- What you will do -
Repeat the data that follows, word for word, without the images.

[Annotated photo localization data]
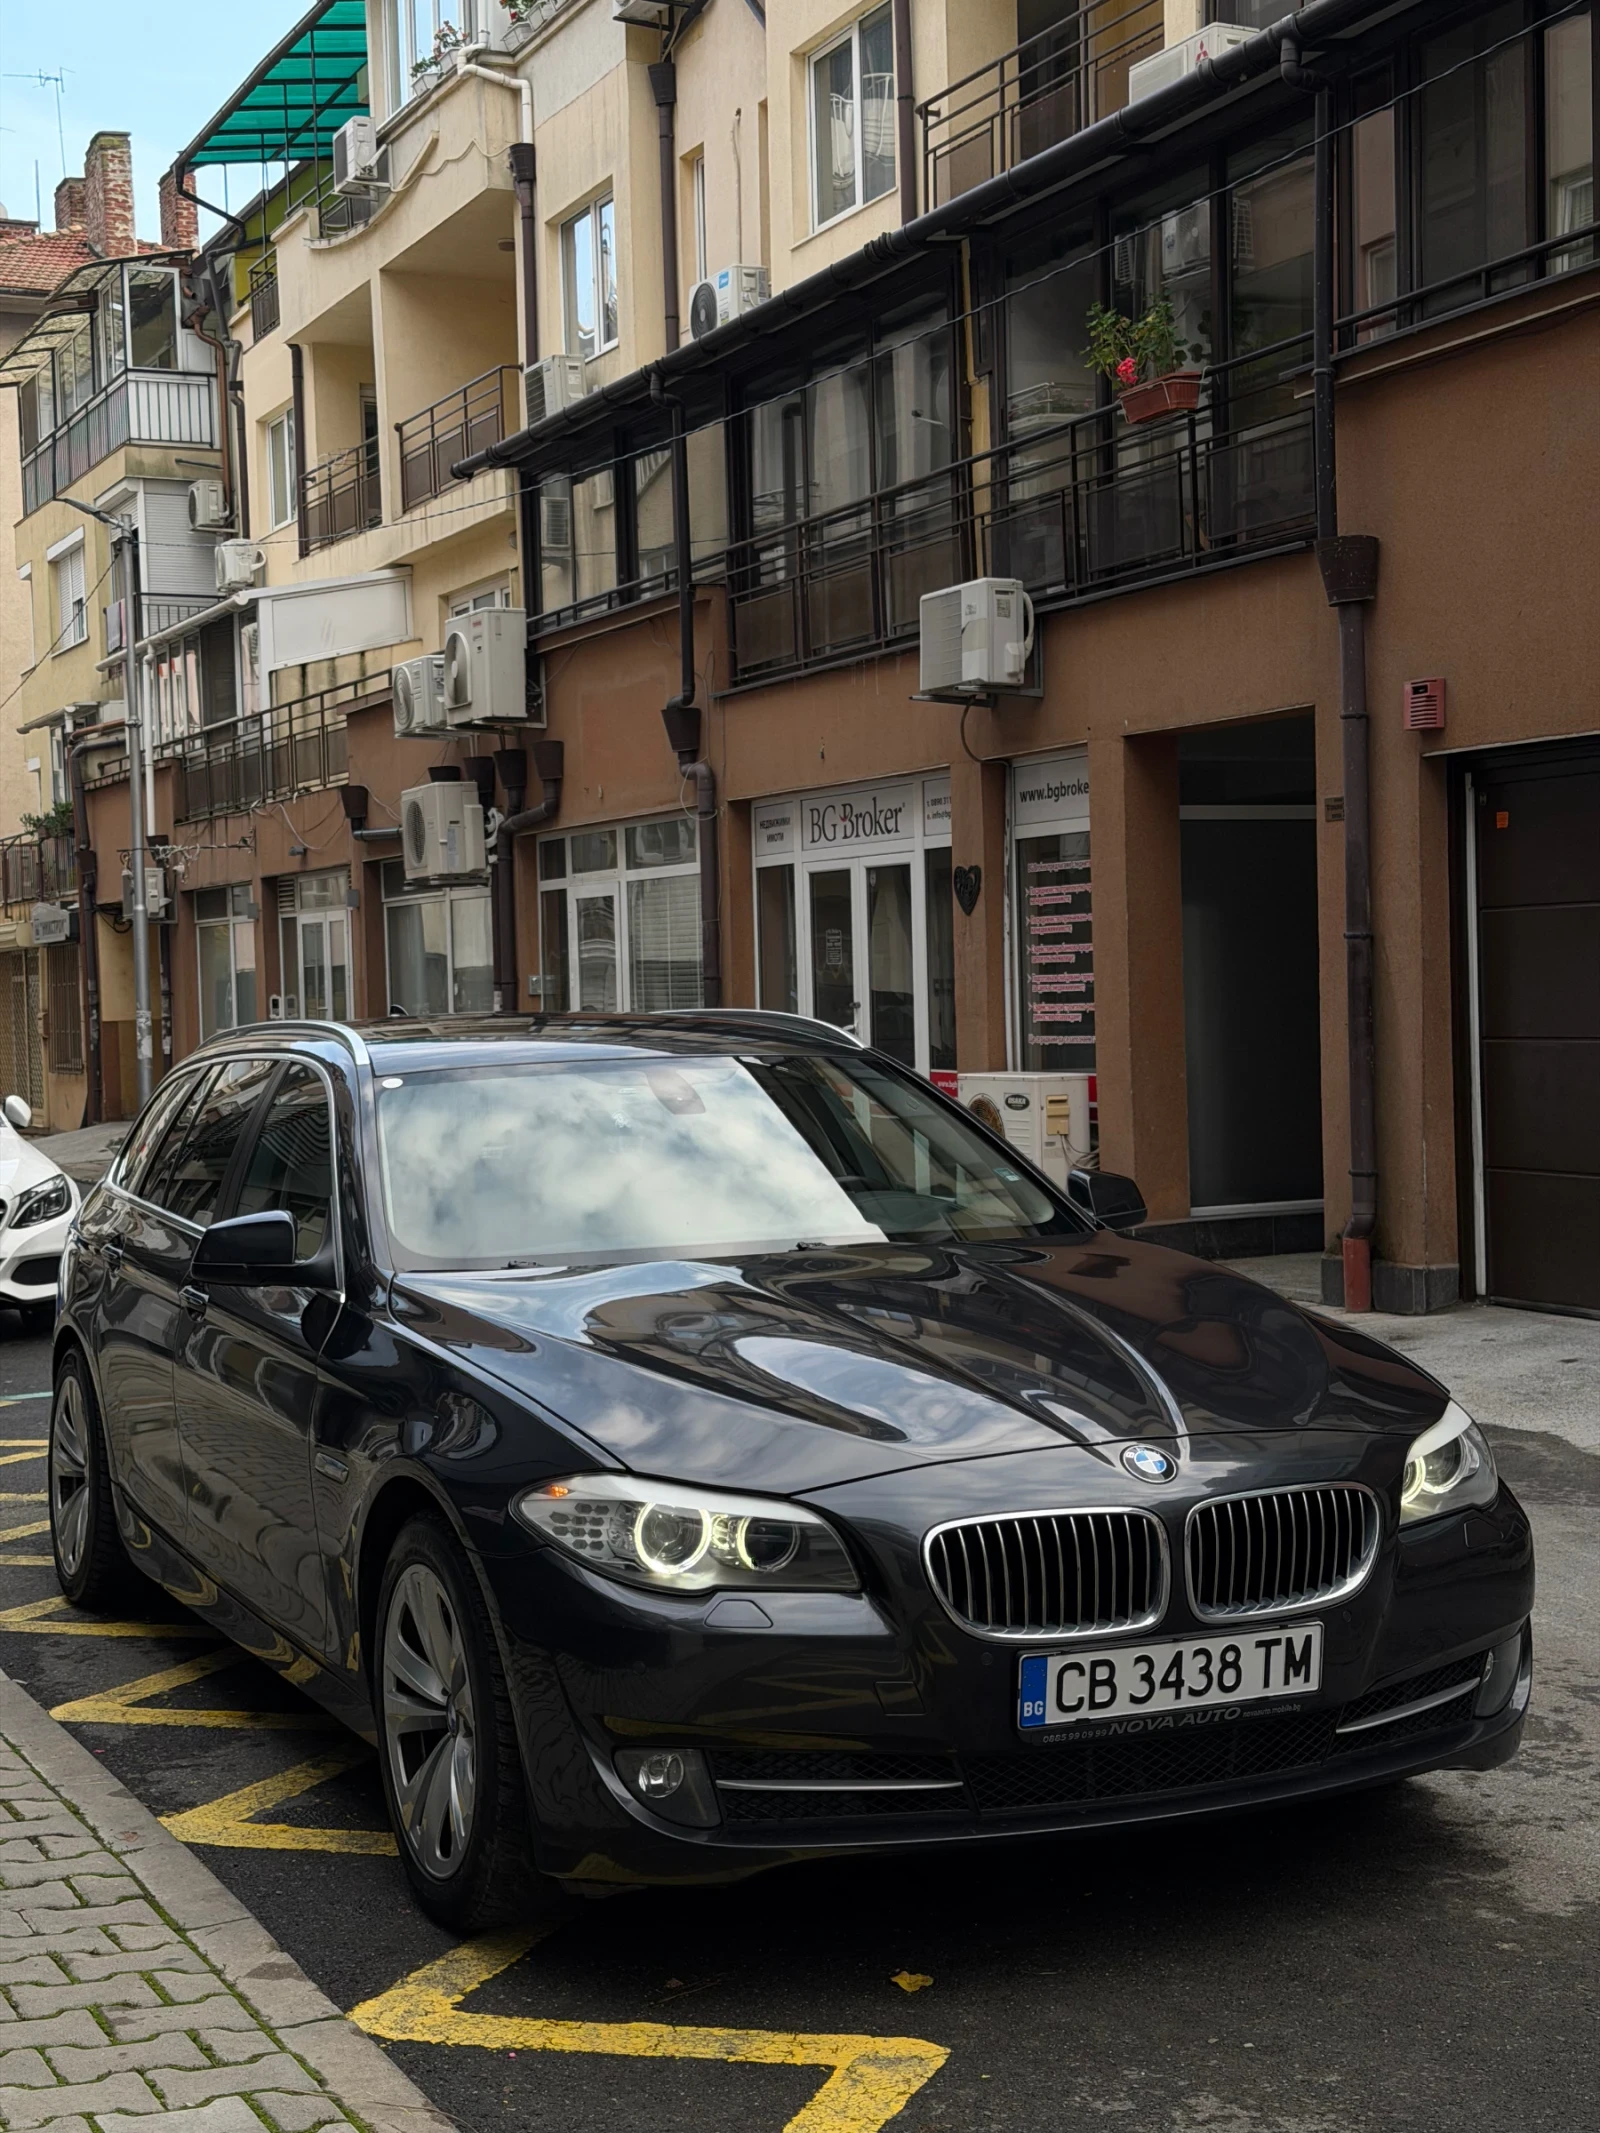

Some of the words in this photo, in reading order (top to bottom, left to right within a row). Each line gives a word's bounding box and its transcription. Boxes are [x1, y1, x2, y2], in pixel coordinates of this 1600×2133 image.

[810, 804, 838, 844] BG
[1056, 1658, 1118, 1713] CB
[1129, 1643, 1242, 1705] 3438
[1255, 1633, 1313, 1689] TM
[1023, 1700, 1044, 1717] BG
[1108, 1716, 1174, 1735] NOVA
[1178, 1707, 1241, 1726] AUTO
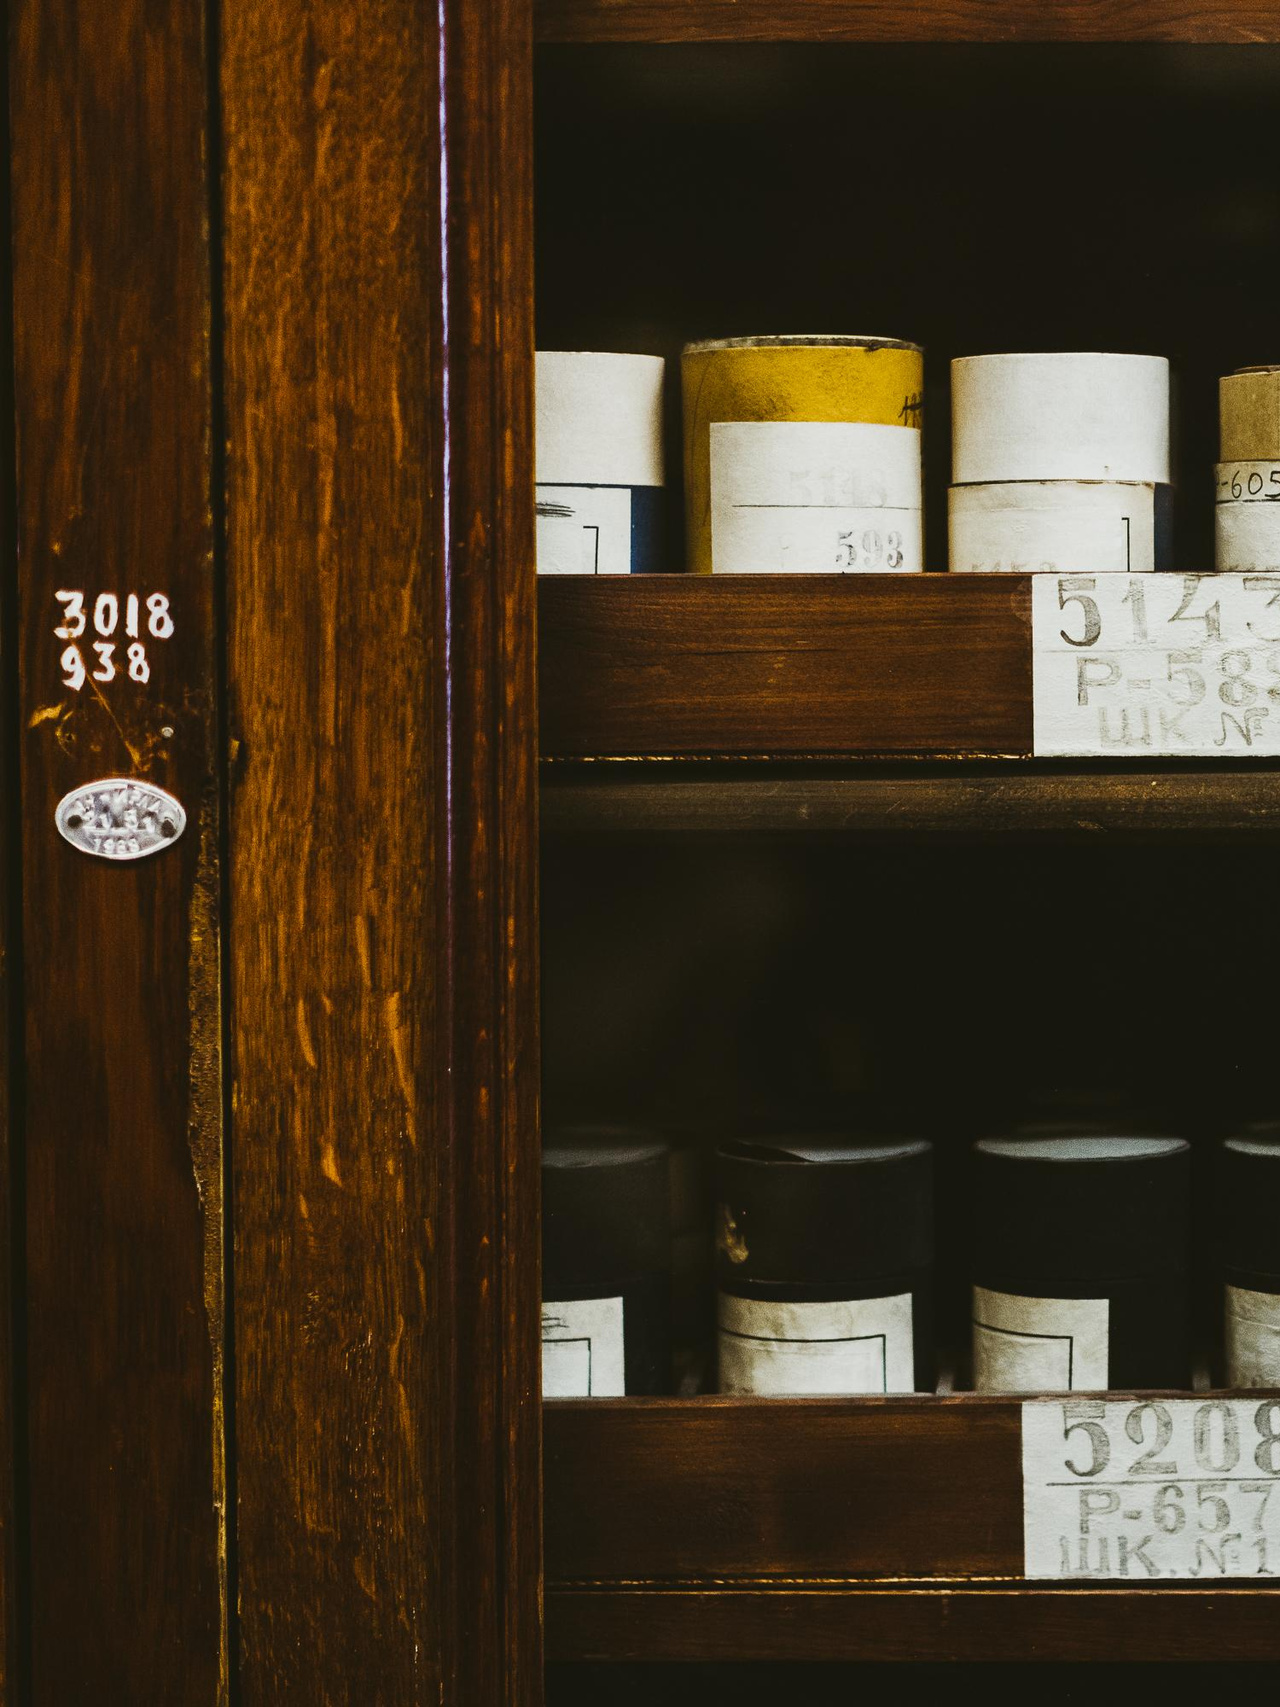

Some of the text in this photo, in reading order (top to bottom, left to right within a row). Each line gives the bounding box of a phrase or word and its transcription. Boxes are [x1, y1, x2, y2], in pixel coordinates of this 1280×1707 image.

[836, 530, 904, 568] 593
[53, 590, 175, 640] 3018
[60, 640, 150, 691] 938
[1079, 1481, 1273, 1535] Р-657
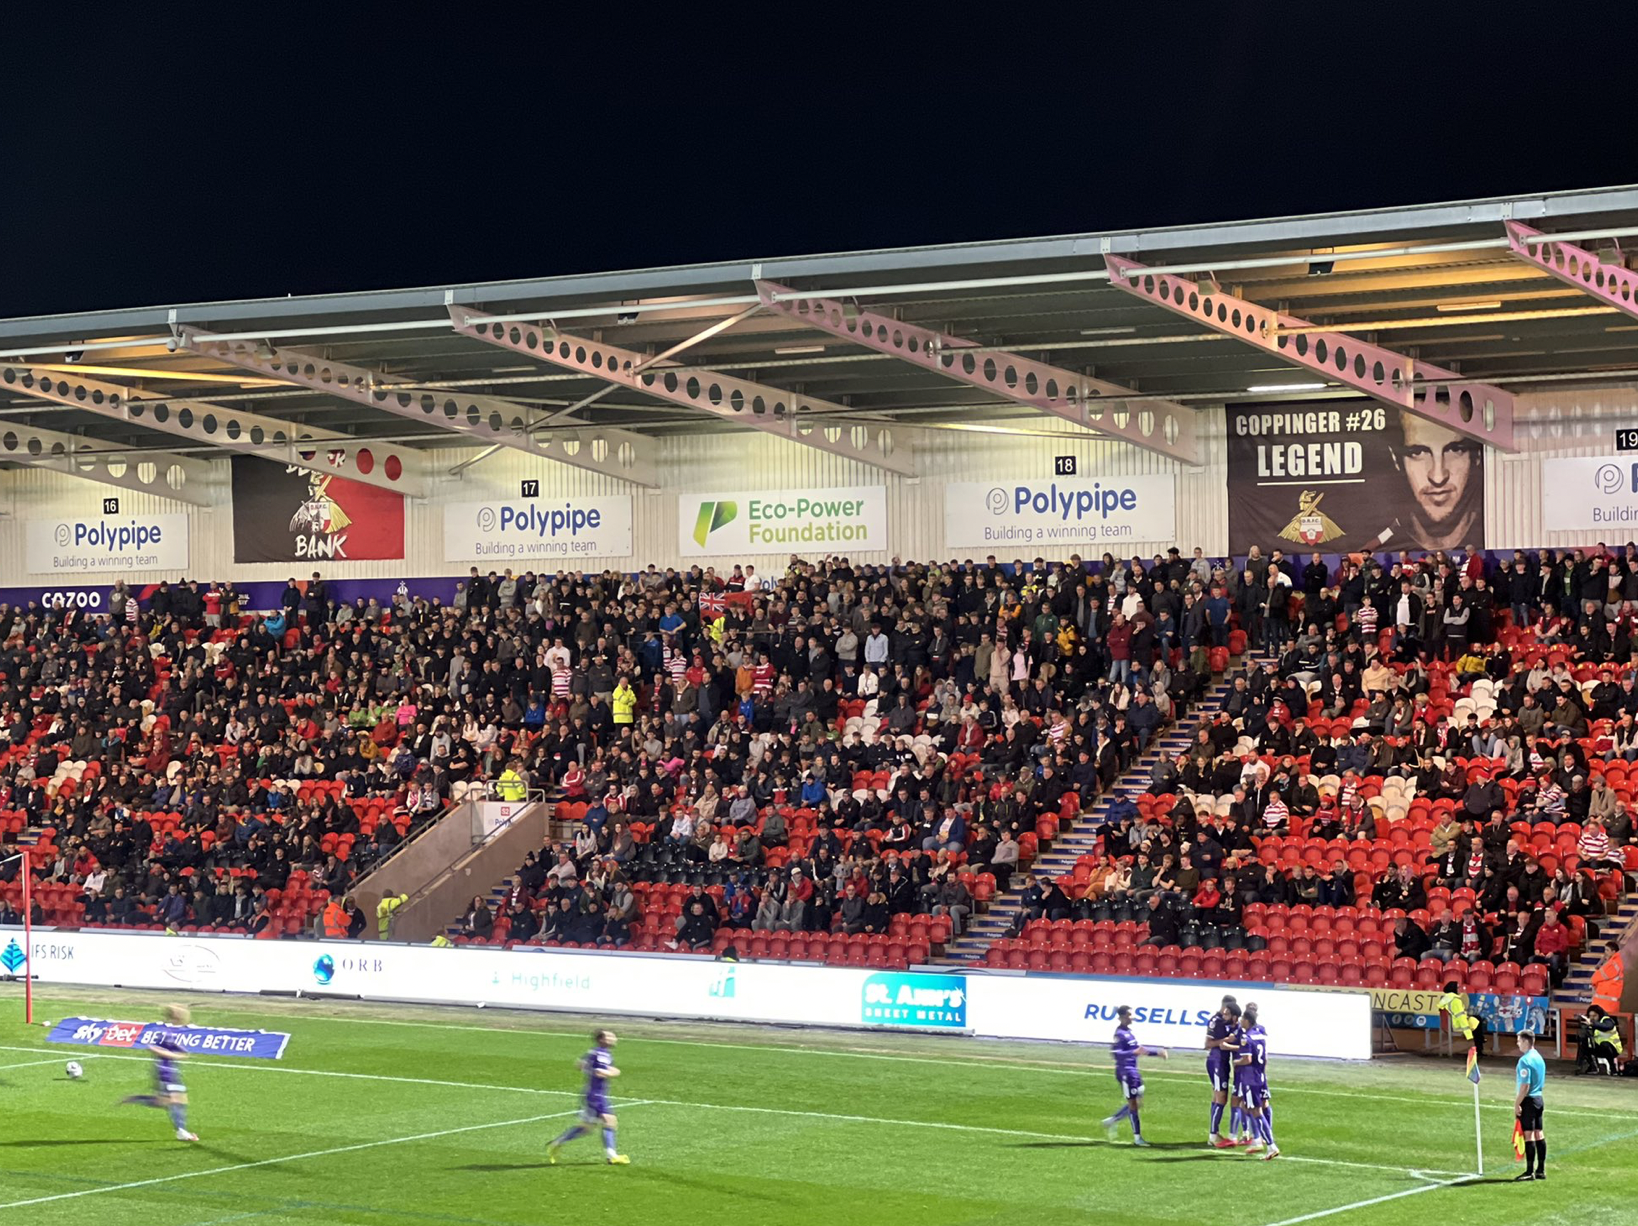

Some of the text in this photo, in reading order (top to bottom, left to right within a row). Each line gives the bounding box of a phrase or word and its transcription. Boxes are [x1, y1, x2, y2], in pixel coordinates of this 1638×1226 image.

[1236, 408, 1386, 436] COPPINGER #26
[1620, 432, 1638, 447] 19
[1058, 458, 1073, 472] 18
[1258, 442, 1362, 477] LEGEND
[523, 482, 536, 495] 17
[105, 500, 116, 512] 16
[750, 498, 864, 520] Eco-Power
[1015, 482, 1136, 520] Polypipe
[500, 502, 600, 537] Polypipe
[75, 520, 161, 551] Polypipe
[750, 521, 868, 543] Foundation
[984, 524, 1132, 542] Building a winning team
[294, 534, 348, 558] BANK
[476, 541, 596, 557] Building a winning team
[54, 555, 158, 570] Building a winning team
[42, 592, 100, 608] CAZOO
[31, 944, 74, 960] IFS RISK
[512, 972, 590, 991] Highfield
[1372, 993, 1444, 1012] NCAST
[865, 1008, 961, 1022] SHEET METAL
[1084, 1003, 1210, 1026] RUSELLS
[72, 1022, 103, 1044] sky
[104, 1025, 138, 1042] bet
[202, 1034, 256, 1052] BETTER
[1256, 1044, 1264, 1064] 2

- Exercise output -
Some of the words in this photo, in reading order (top to bottom, left to right within a row). Each line gives a word's bounding box and its transcription. Boxes are [x1, y1, x2, y2], in pixel coordinates of this 1600×2133 image.

[810, 804, 838, 844] BG
[1056, 1658, 1118, 1713] CB
[1129, 1643, 1242, 1705] 3438
[1255, 1633, 1313, 1689] TM
[1023, 1700, 1044, 1717] BG
[1108, 1716, 1174, 1735] NOVA
[1178, 1707, 1241, 1726] AUTO

Some of the text in this photo, in reading order (top to bottom, left to right within a row). Each line gives the bounding box of a phrase or word and its transcription. Boxes are [x1, y1, x2, y2], in pixel coordinates of this 1280×1707 image.

[836, 530, 904, 568] 593
[53, 590, 175, 640] 3018
[60, 640, 150, 691] 938
[1079, 1481, 1273, 1535] Р-657

Some of the text in this photo, in reading order (top to bottom, left to right within a row). Each line gives the bounding box of a phrase or word and its transcription. Boxes are [x1, y1, x2, y2], in pixel coordinates of this 1638×1226 image.

[1236, 408, 1386, 436] COPPINGER #26
[1620, 432, 1638, 447] 19
[1058, 458, 1073, 472] 18
[1258, 442, 1362, 477] LEGEND
[523, 482, 536, 495] 17
[105, 500, 116, 512] 16
[750, 498, 864, 520] Eco-Power
[1015, 482, 1136, 520] Polypipe
[500, 502, 600, 537] Polypipe
[75, 520, 161, 551] Polypipe
[750, 521, 868, 543] Foundation
[984, 524, 1132, 542] Building a winning team
[294, 534, 348, 558] BANK
[476, 541, 596, 557] Building a winning team
[54, 555, 158, 570] Building a winning team
[42, 592, 100, 608] CAZOO
[31, 944, 74, 960] IFS RISK
[512, 972, 590, 991] Highfield
[1372, 993, 1444, 1012] NCAST
[865, 1008, 961, 1022] SHEET METAL
[1084, 1003, 1210, 1026] RUSELLS
[72, 1022, 103, 1044] sky
[104, 1025, 138, 1042] bet
[202, 1034, 256, 1052] BETTER
[1256, 1044, 1264, 1064] 2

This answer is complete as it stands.